The prospects for the Supreme Court to issue a ruling affecting the marriage rights of same-sex couples seem to be accelerating. At the forefront are three distinct contexts for litigation: whether states can be required to authorize same-sex marriage, whether the federal government can deny state-created same-sex marriages federal recognition, and whether states can be required to recognize valid same-sex marriages performed in other states. Two U.S. circuit courts, the Ninth and the First, have issued opinions that treat with skepticism the governmental interest in blocking gay marriage. Both Courts proceeded with the caution required by Circuit Courts, which must follow Supreme Court precedent. For that reason, both courts avoided ruling that same-sex marriage is a fundamental right, and also avoided holding that gay men or lesbians are entitled to special judicial solicitude to protect them from unfavorable legislation.
The Ninth Circuit’s conclusion limited the ability of a state to authorize a legal status with rights just like marriage, but withhold the word marriage. The Court reasoned that stripping away the word “marriage,” while leaving the rights intact, has no purpose except inflicting second-class status on gay couples.
In addressing the state’s obligations to authorize marriages of residents, the California case has no direct concern with federalism. The primary concern is the local marriage law of California.
In the First Circuit opinion, there is a subtle yet powerful convergence of federalism principles and equality principles.

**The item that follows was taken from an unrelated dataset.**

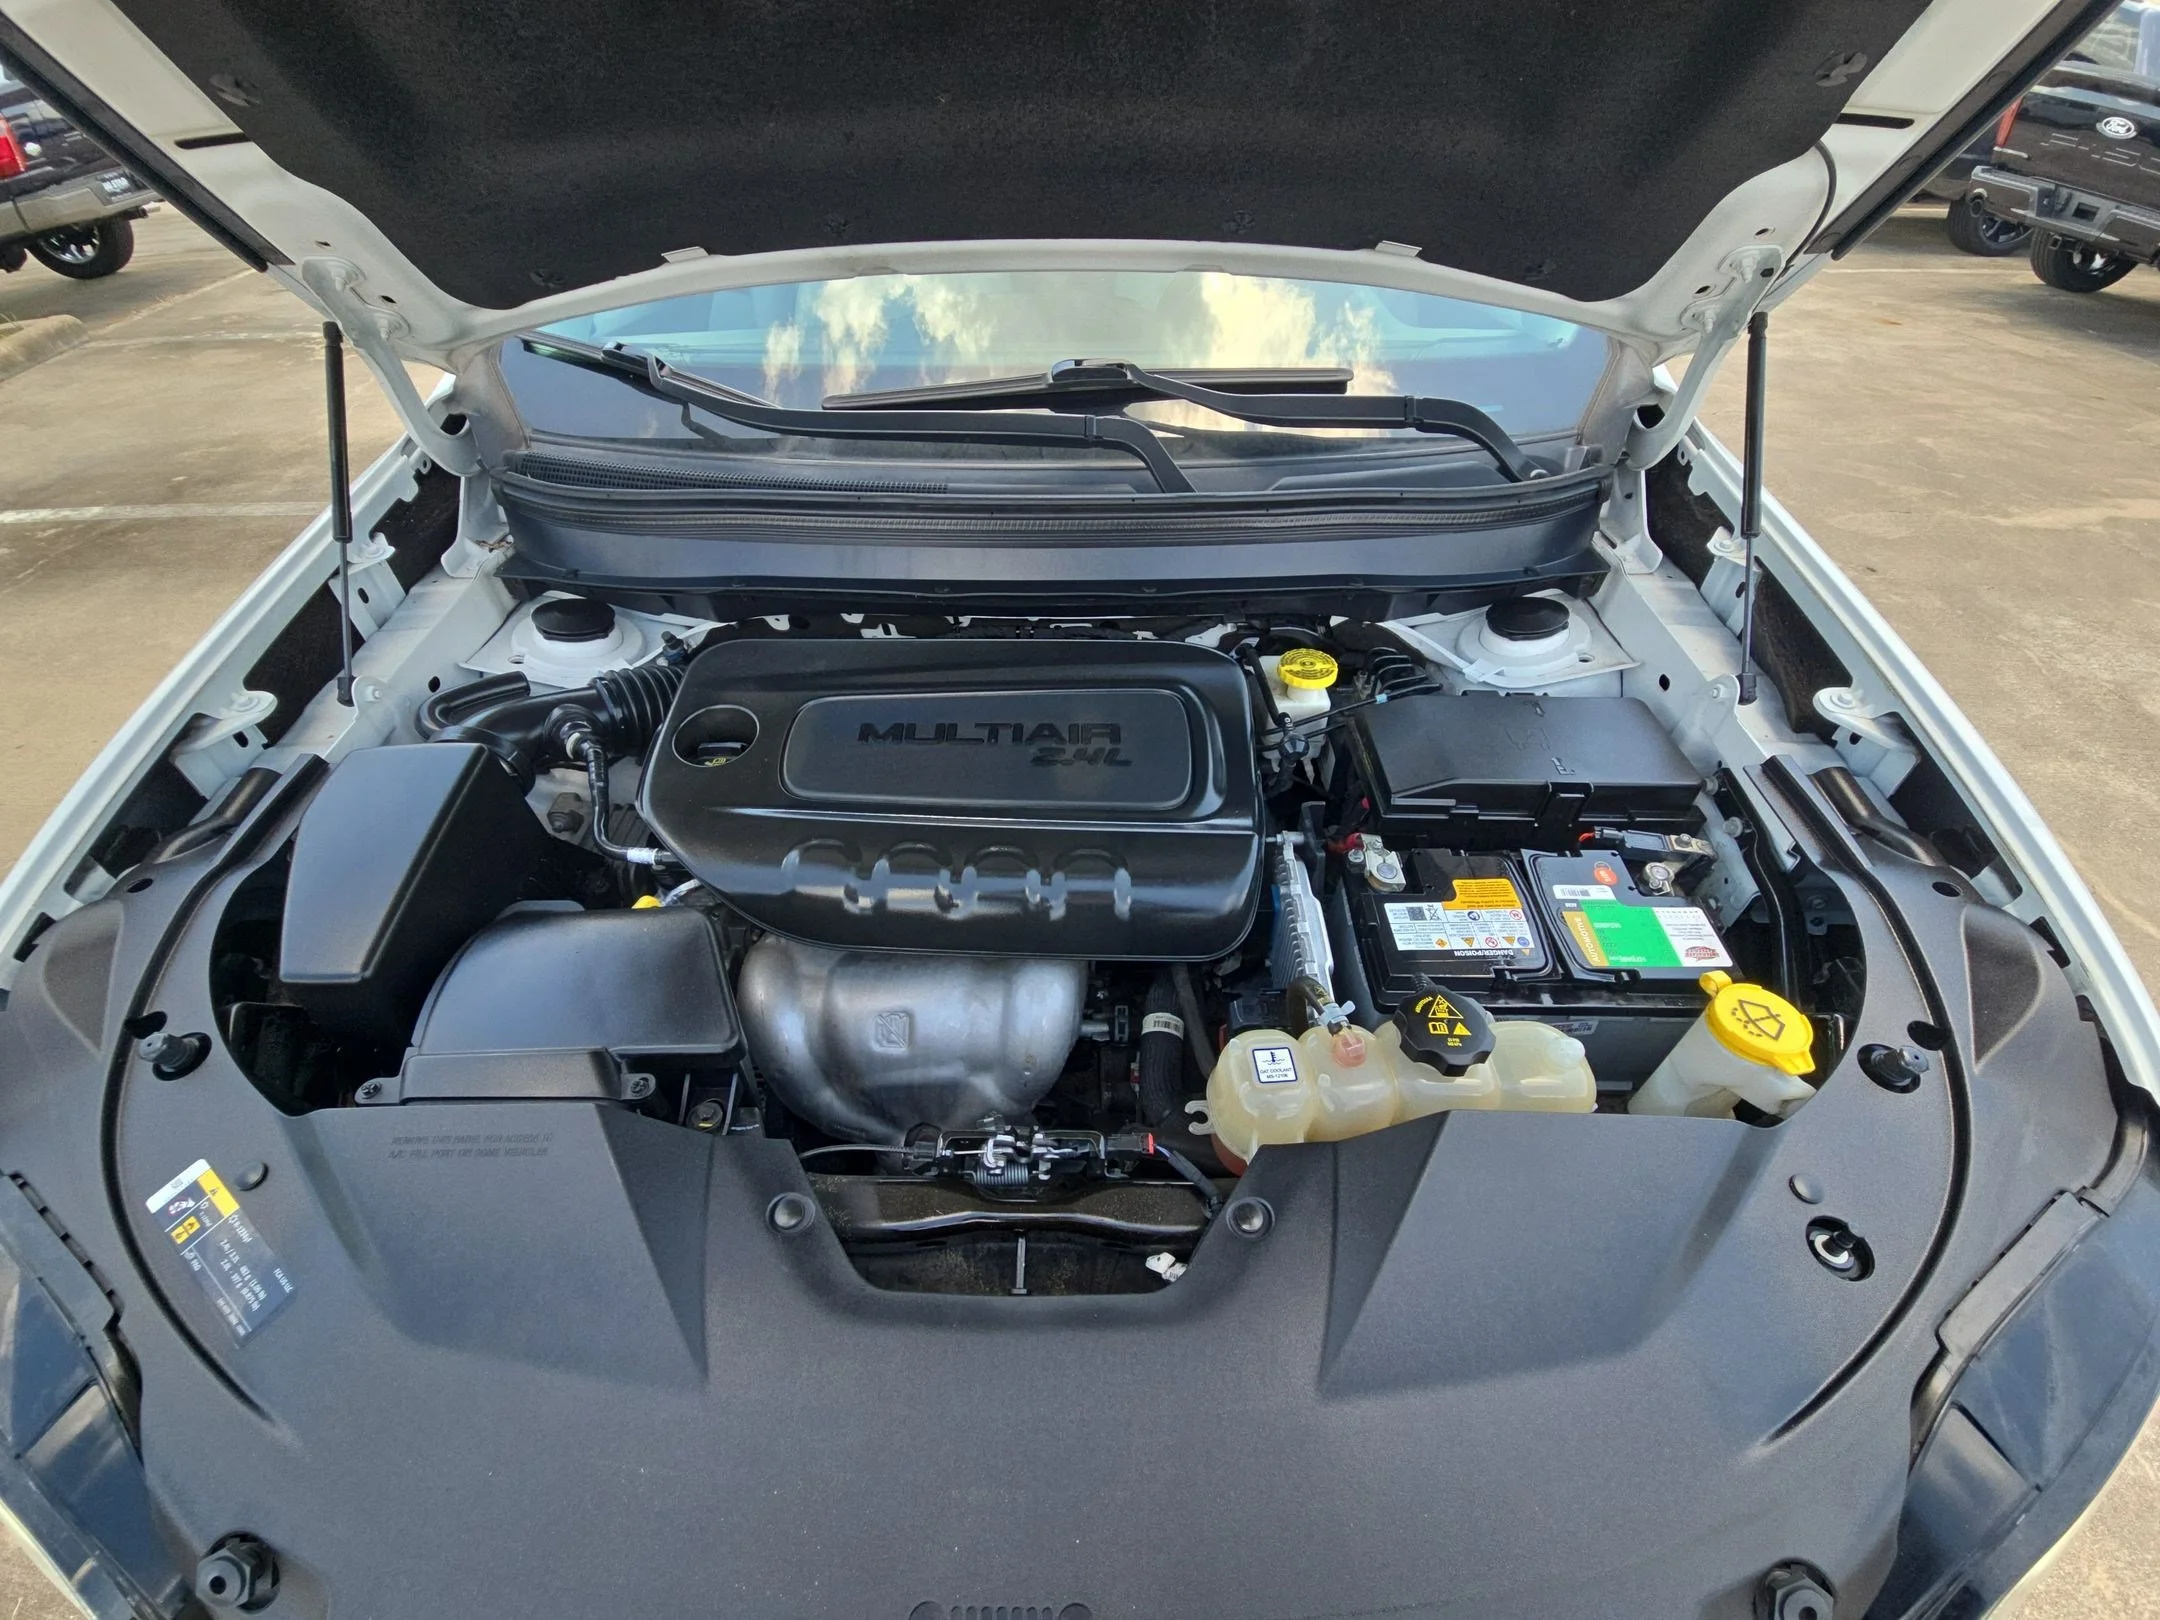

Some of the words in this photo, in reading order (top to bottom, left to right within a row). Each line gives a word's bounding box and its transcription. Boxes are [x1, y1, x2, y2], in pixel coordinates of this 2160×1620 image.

The First Circuit held unconstitutional a provision of federal law, Section 3 of the Defense of Marriage Act (DOMA), which defines the word marriage, for all purposes of the U.S. code, as the union of one man and one woman. Significantly, the First Circuit held that the law violated both federalism rules and principles of equality.
The Court concluded that there was no federal interest sufficient to justify disrespecting state control over marriage or treating married gay couples unfavorably. The resulting conclusion is a repudiation of the federal interest in withholding federal marriage status from state-created marriages. Federalism, said the Court, allows “a diversity of governance based on local choice.”

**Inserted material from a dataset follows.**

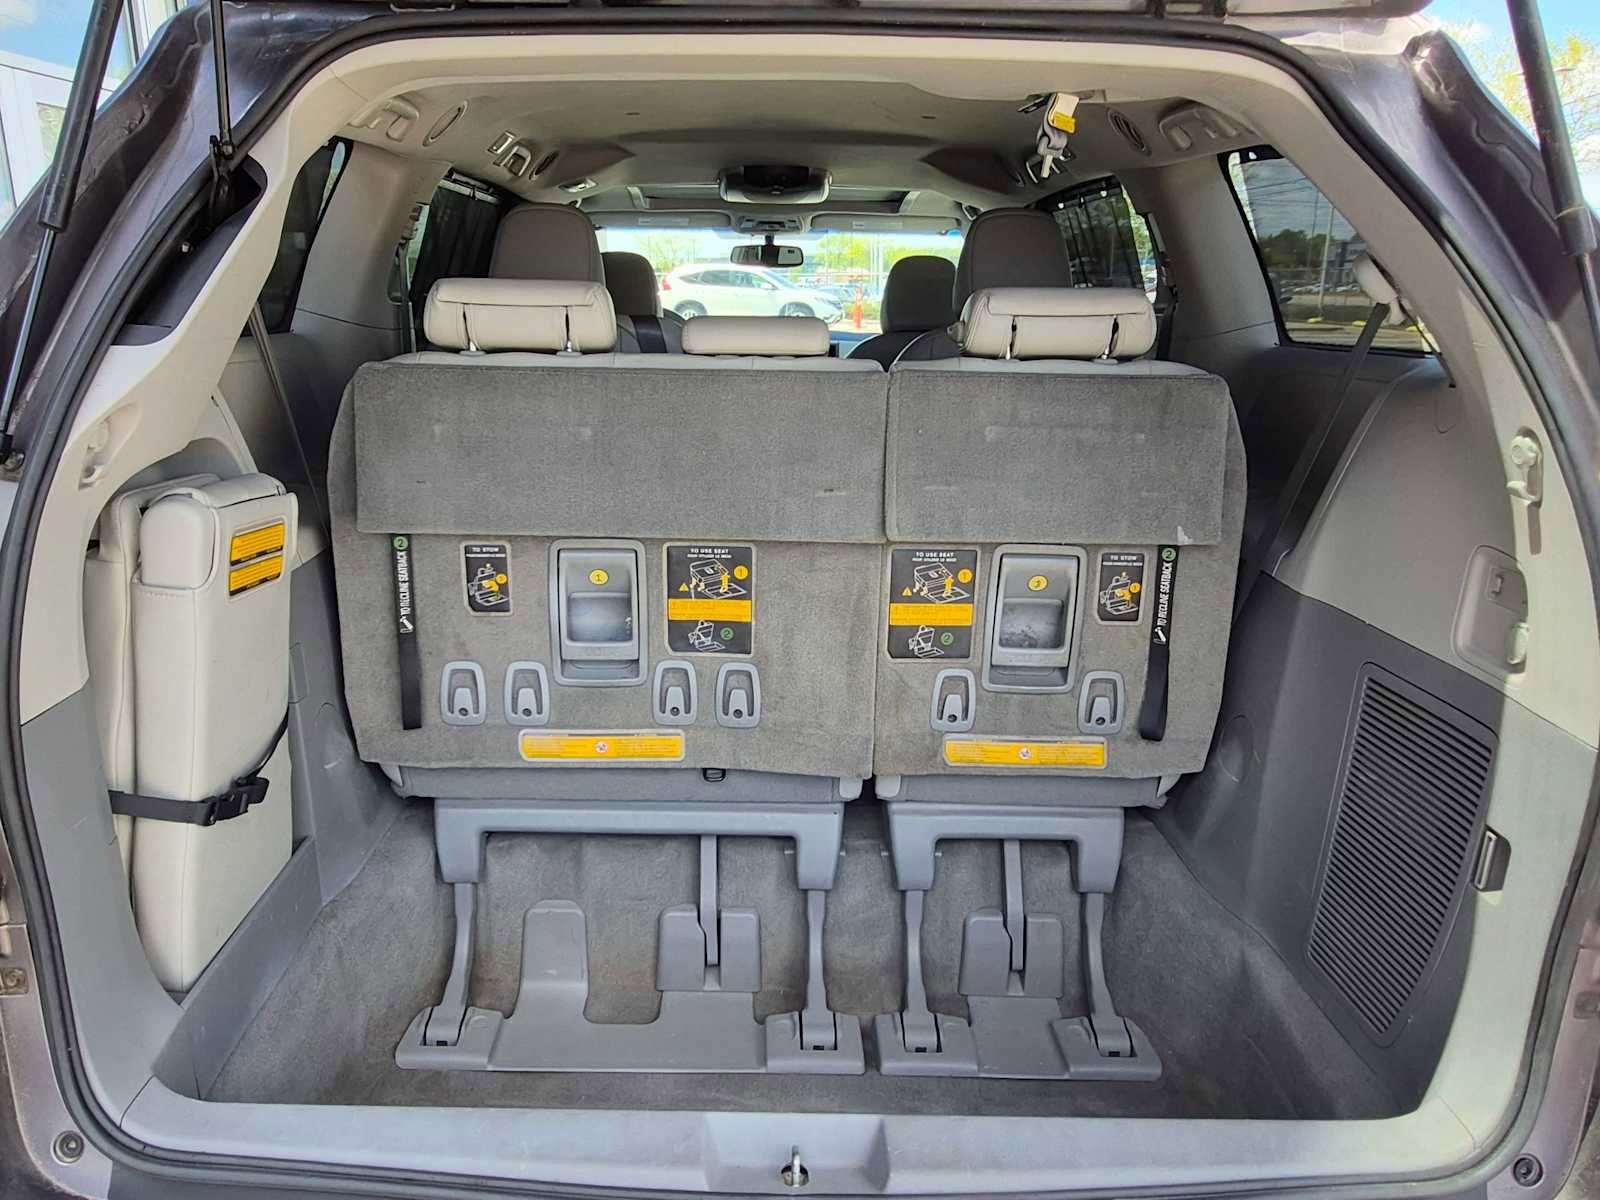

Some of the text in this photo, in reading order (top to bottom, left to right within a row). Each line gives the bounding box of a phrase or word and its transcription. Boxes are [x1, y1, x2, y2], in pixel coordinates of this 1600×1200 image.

Today, many states treat same-sex marriages created by other states as legally null and void. That means that, even without Section 3 of DOMA, states could recreate its voiding effect at the federal level. The result would be two classes of married gay couples in the U.S. A solution I have proposed in a recent op-ed would combine federalism and equality norms, like the First Circuit, to allow gay marriage nationally without declaring it a fundamental right that all states must enact.

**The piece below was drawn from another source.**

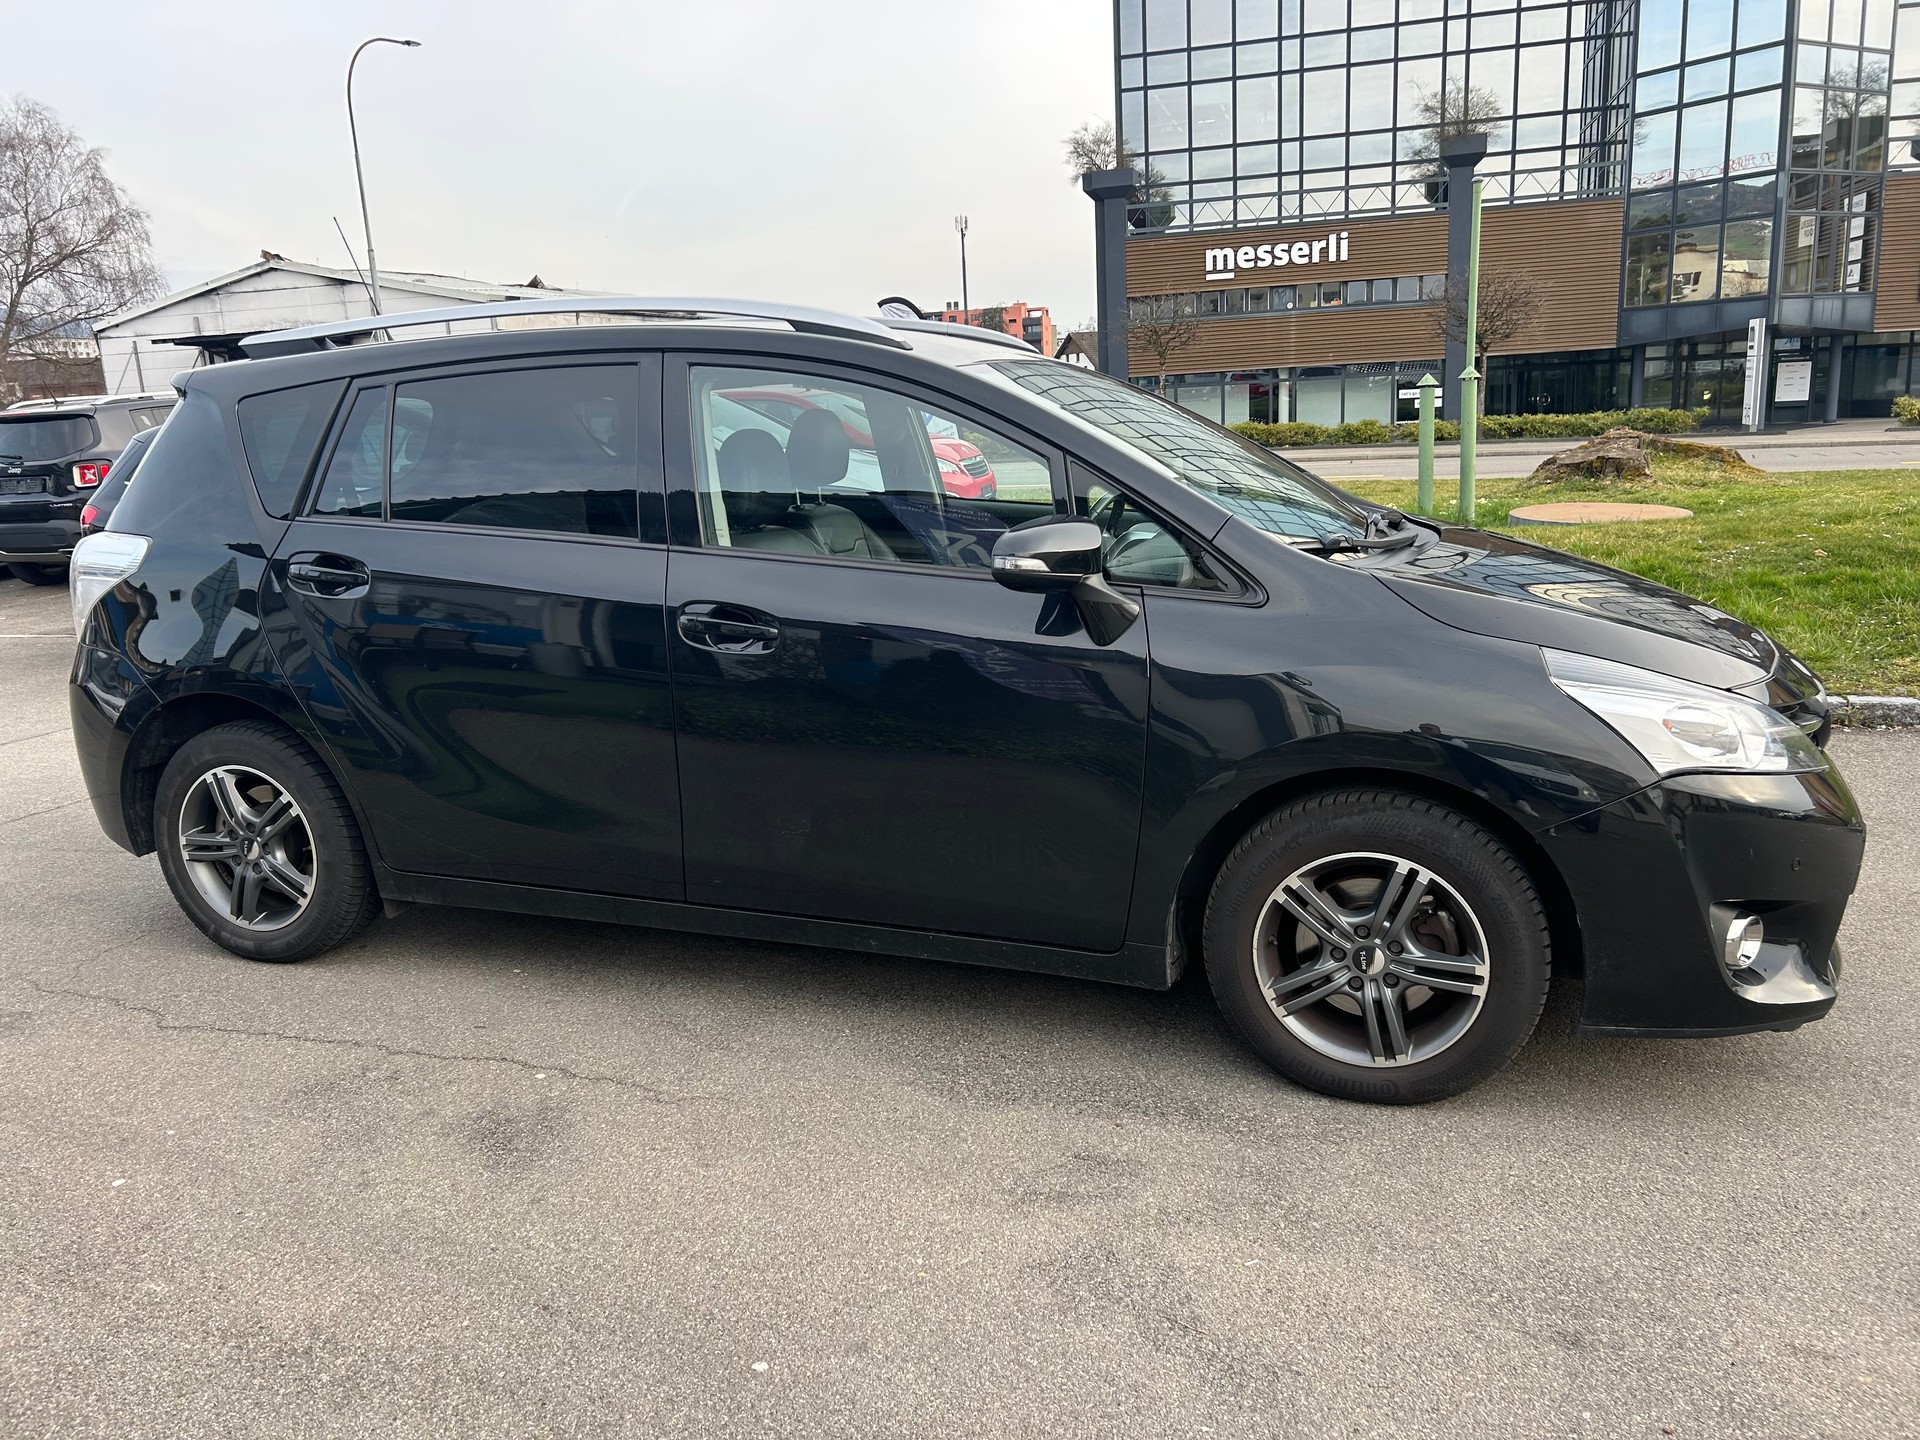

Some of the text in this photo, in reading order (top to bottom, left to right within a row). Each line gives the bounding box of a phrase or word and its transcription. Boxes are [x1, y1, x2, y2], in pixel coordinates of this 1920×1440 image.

If the Court should hear either or both of the Ninth Circuit and the First Circuit cases, it could reach out to hear a case in which a couple attacks a state law that treats their duly solemnized marriage as nonexistent. The Supreme Court could adopt features of the First Circuit’s reasoning and rule that “choice-of-law” norms allowing states to cancel marriages that are increasingly common and well accepted in the United States do not have a sufficient rationale for the harm they inflict on equality and reciprocity. In doing so, the Court could stop short of calling same-sex marriage a fundamental right or declaring sexual orientation a status in need of the special protection of federal judges.
This path would avoid entangling the Court in applying equality reasoning directly to the creation, and to the incidents of, the marriage status. Should a state court make a call that is antithetical to equality principles, such as not allowing a same-sex spouse to inherit by intestacy, a district court could quickly remedy the problem. But the primary judicial forum for working through the equality principle, enunciated as applicable to marriage status, would move to state courts.
If the Court took that tack, the worst injustices could be averted while the Court allows some role for the local choices that the First Circuit cited as strong federalism factors.
In response to my op-ed, I received letters from gay marriage advocates protesting that a Supreme Court holding requiring reciprocity in a federalist system, stopping short of calling marriage a fundamental right, is insufficient. Others argued that if there is no state interest in non-recognition, then there is also no legitimate state interest in refusing to create same-sex marriages, making a federalism approach illogical, in effect, redundant. Yet both the First and Ninth Circuits have demonstrated that the confluence of special factors – federalism mixed with equality, rights given but confined by name to a less honored category or treated with disrespect by another governmental body – allows for judicial subtlety.
Putting before the Supreme Court a possible path to vindicating federalism, ideals of equality, and social peace surely has much to recommend it.